With V-plots infarcts are seen as a reduction in the slope of the V-plot, as in colour Doppler.

.
Spectral V-plot from two-chamber view. There is reduced strain rate in the two basal inferior segments, with hyperkinesia in the apical, and normal strain rate in the anterior wall. There is moderate clutter in the anterior wall, which is irrelevant. Again, the values are mid systolic, not peak systolic.




3-dimensional tissue Doppler

Tissue Doppler is still limited to one velocity direction only. This means that the term "3-dimensional" refers to a three dimensional distribution of tissue velocities only, not velocity  vectors in a three dimensional coordinate system. However, data from the whole ventricle can be put together on a surface model of the left ventricle.




3D tissue Doppler is basically a grid of numerical values on a ventrricular surface.
Triplane tissue Doppler, showing three standard planes, with the assumption that the angle between them is 60°, the rest of the data between the planes are than interpolated. This gives a circumferential resolution of 60°.

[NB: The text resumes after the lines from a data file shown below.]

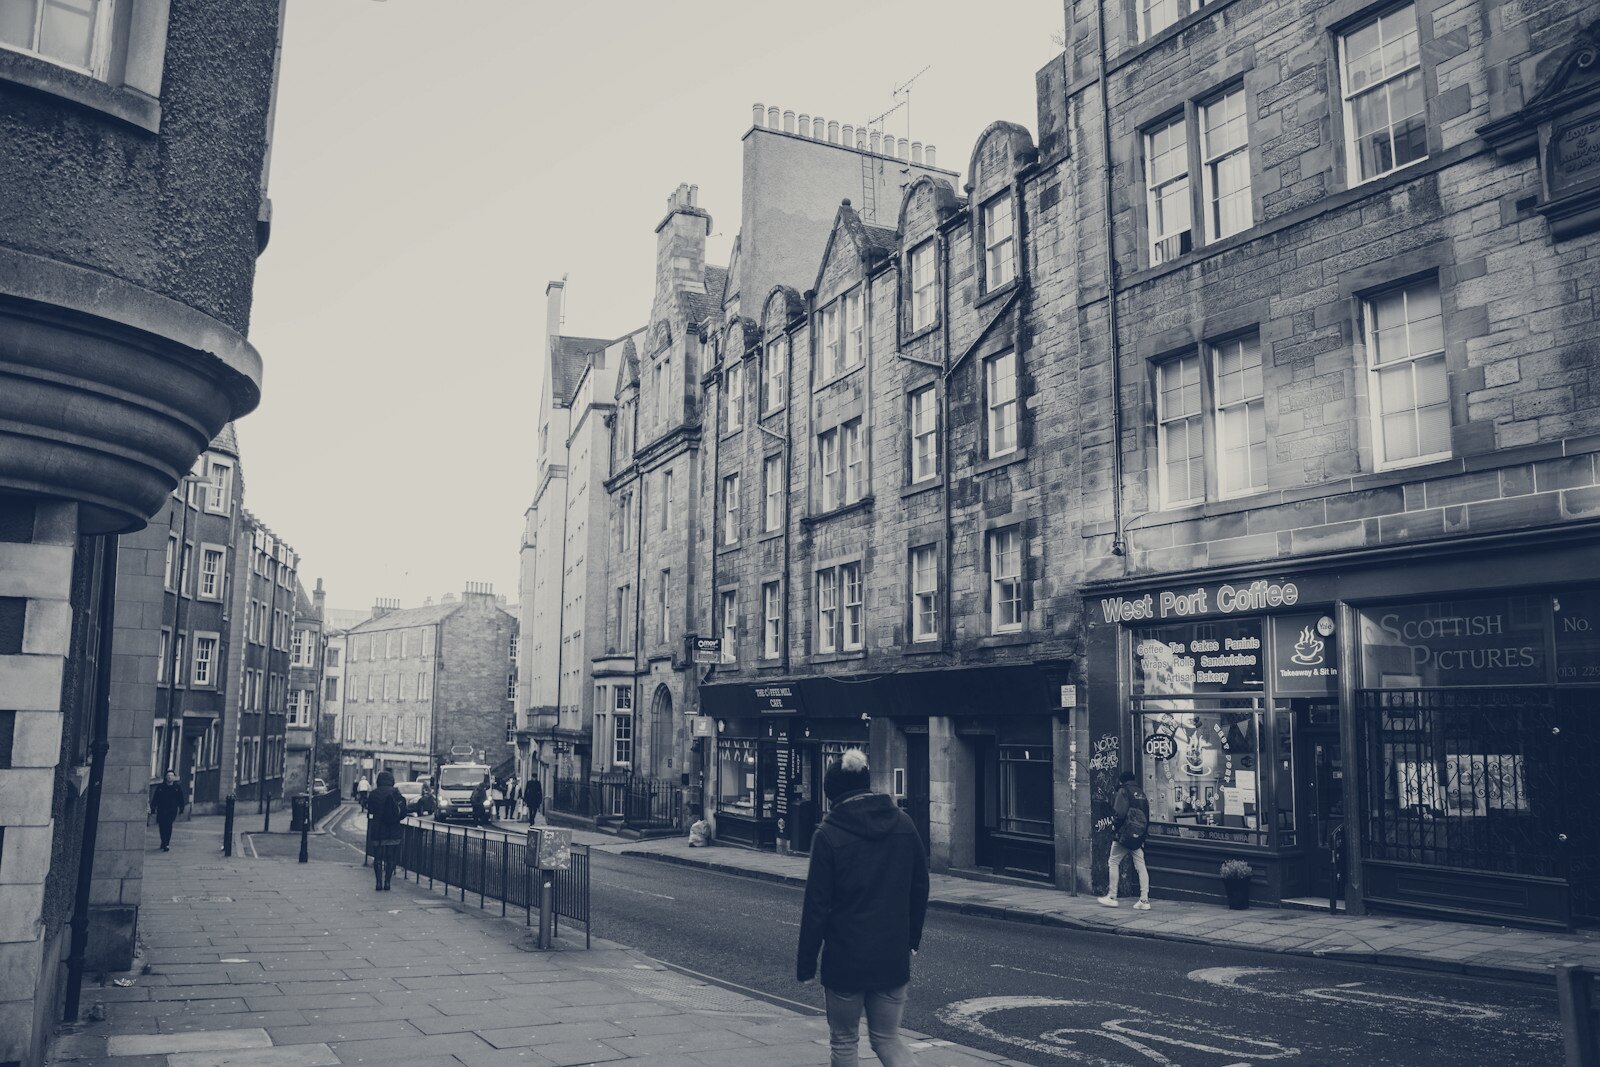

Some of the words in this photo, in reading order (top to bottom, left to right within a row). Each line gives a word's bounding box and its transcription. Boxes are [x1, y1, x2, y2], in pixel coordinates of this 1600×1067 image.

[1101, 594, 1154, 623] West
[1159, 587, 1208, 618] Port
[1216, 581, 1298, 613] Coffee
[1137, 644, 1164, 656] Coffee
[1169, 642, 1185, 654] Tea
[1190, 640, 1219, 652] Cakes
[1224, 637, 1260, 651] Paninis
[1141, 658, 1168, 671] Wraps
[1172, 656, 1195, 668] Rolls
[1200, 654, 1257, 668] Sandwiches
[1165, 672, 1195, 684] Artisan
[1196, 671, 1230, 685] Bakery
[1280, 669, 1313, 678] Takeaway
[1313, 668, 1319, 676] &
[1319, 668, 1330, 676] Sit
[1557, 666, 1577, 678] 0131
[1146, 741, 1172, 755] OPEN
[1209, 831, 1230, 841] ROLLS
[1233, 833, 1250, 843] WRA

As tissue data as about acquiring (and displaying, f.i. by colour) numerical data, the method do not have the same limitation as 3D B-mode. One method is to combine information from three standard planes, and then interpolating the data between the planes by for instance spline. The method has been explained elsewhere. This has been done both by combining sequentially acquired standard planes. It could also be done as a simultaneous triplane acquisition, but at the cost of a substantially reduced frame rate. Thus, freehand scanning has been preferred.

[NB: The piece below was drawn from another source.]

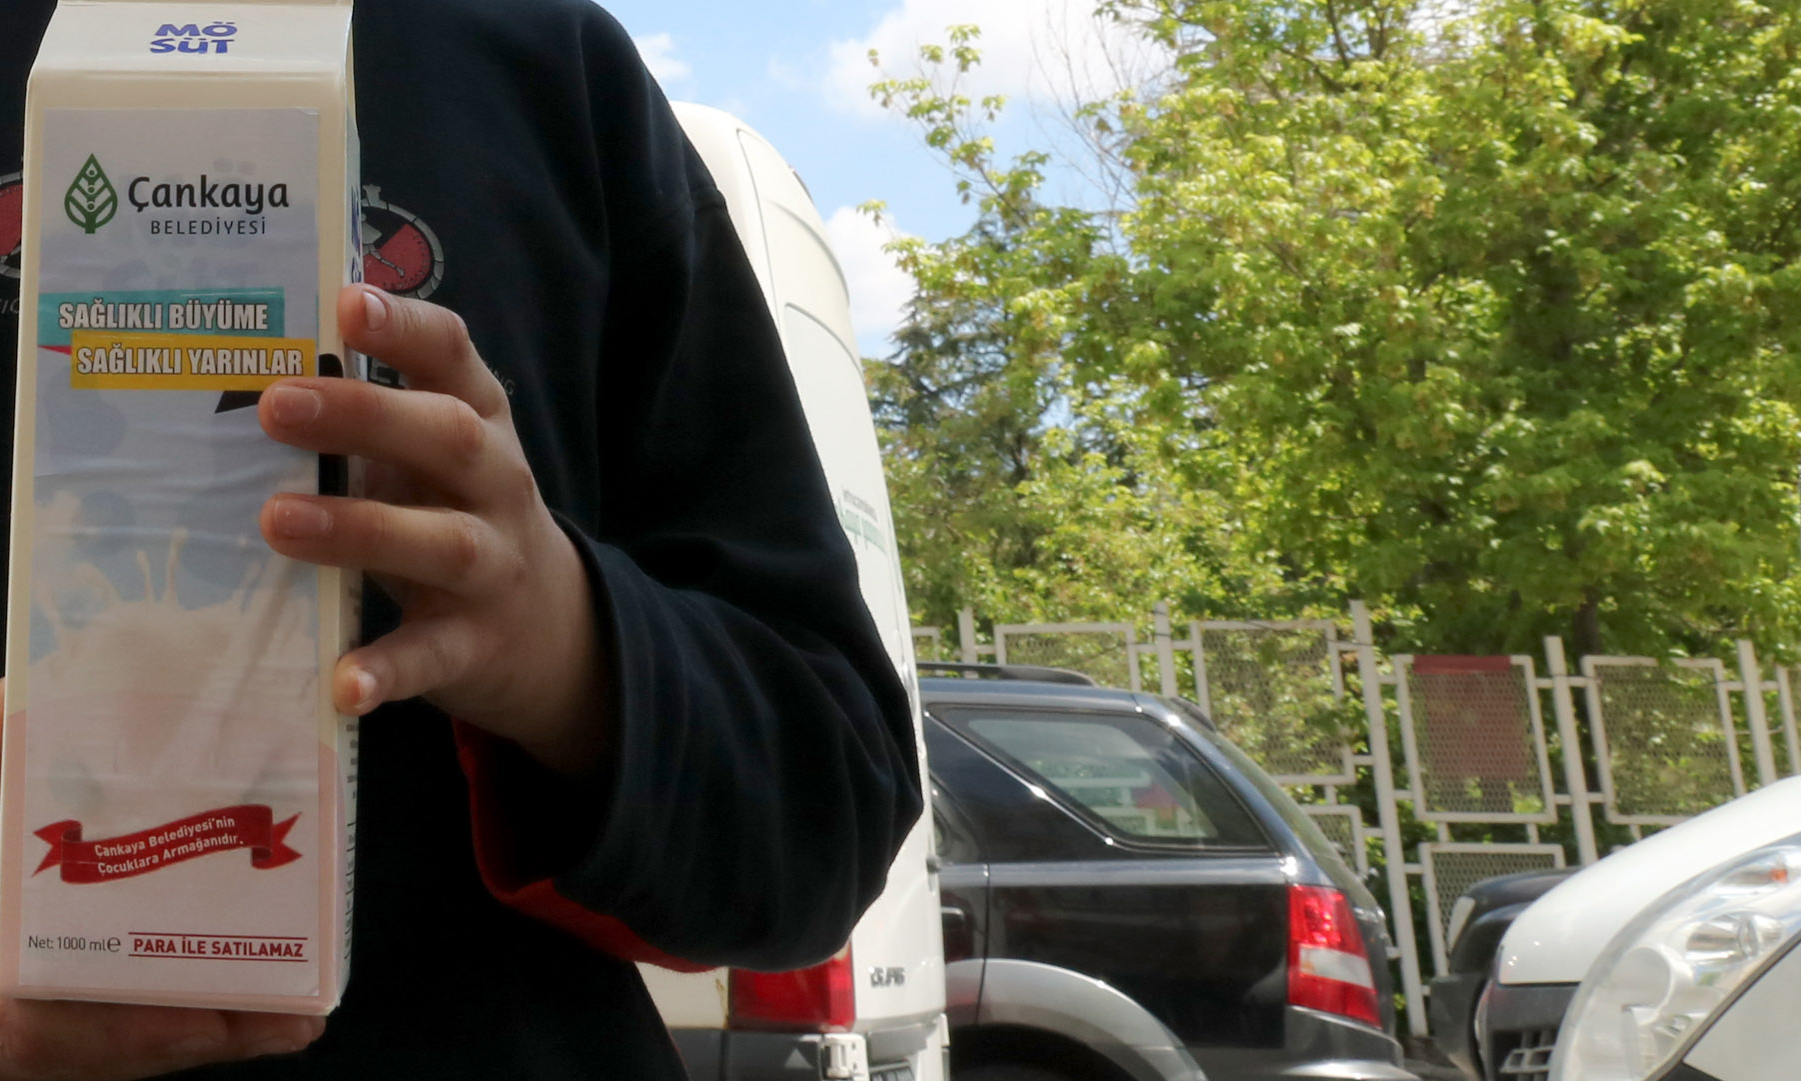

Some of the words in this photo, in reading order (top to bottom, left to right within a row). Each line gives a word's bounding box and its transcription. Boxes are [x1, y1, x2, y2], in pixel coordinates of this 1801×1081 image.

Systolic (left) and early diastolic (right) frame showing the 3D surface of the left ventricle, where longitudinal tissue Doppler values are displayed with colour. Red shows velocities toward the apex, blue velocities away from the apex.  (mark the colour gradient from base to apex, reflecting the velocity gradient).

This version of three dimensional tissue Doppler may be used for display, but also for area measurement, as the data are distributed over a representation of the (approximate) real ventricular area.

With the Ultra high frame rate tissue Doppler method, it is also possible to acquire three dimensional tissue Doppler in real time.

Using a 3D matrix probe, sending an array of 3x3 broad unfocussed or planar beams, and using a 4x4 matrix of receive beams for each transmit beam, giving a 16 (or 4x4) MLA, we have been able to achieve a volume rate of about 500 VPS (280), i.e. Ultra high frame rate 3D tissue Doppler.




Principle of beam formation, showing a matrix of 3x3 wide transmit beams (brown circles) and for each beam an array of 4x4 receive beams, i.e. a 16 MLA. (After 280).
Distribution of the transmit beams in relation to a cross section of the ventricle, endocardial and epicardial surfaces marked with black lines and arrows. the energu distribution of the beams is shown by the colour hue. The transverse plane shown to the right is marked by the thick line. (After 280).
Distribution of the transmit beams in an apical plane, the level of the cross section to the left is marked by the thick line. As evident from the illustration, the transmit beams do not cover the whole sector, but will cover most of the walls. (After 280).

By this method, t is possible to achieve a high circumferential resolution through the MLA technique at the same time as a high temporal resolution. The result can be displaued as a 3D figure, as with reconstructed 3D, and both curved M-modes and tivelocity curves can be extracted from this matrix:




3D surface with tissue velocity display. The ring represents a line for extraction of the curved M-mode shown top, left. (After 280). Data display from the 3D velocity figure to the right. Top: curved M-mode, showing the time variation of apically directed velocities in a ring around the mid ventricle.  Bottom, velocity curves from the basolateral part, red from UFR 3D TVI, extracted from the 3D data to the left, blue velocity from the same point in the same subject, but acquired bt conventional colur TDI (i.e. a different heartbeat).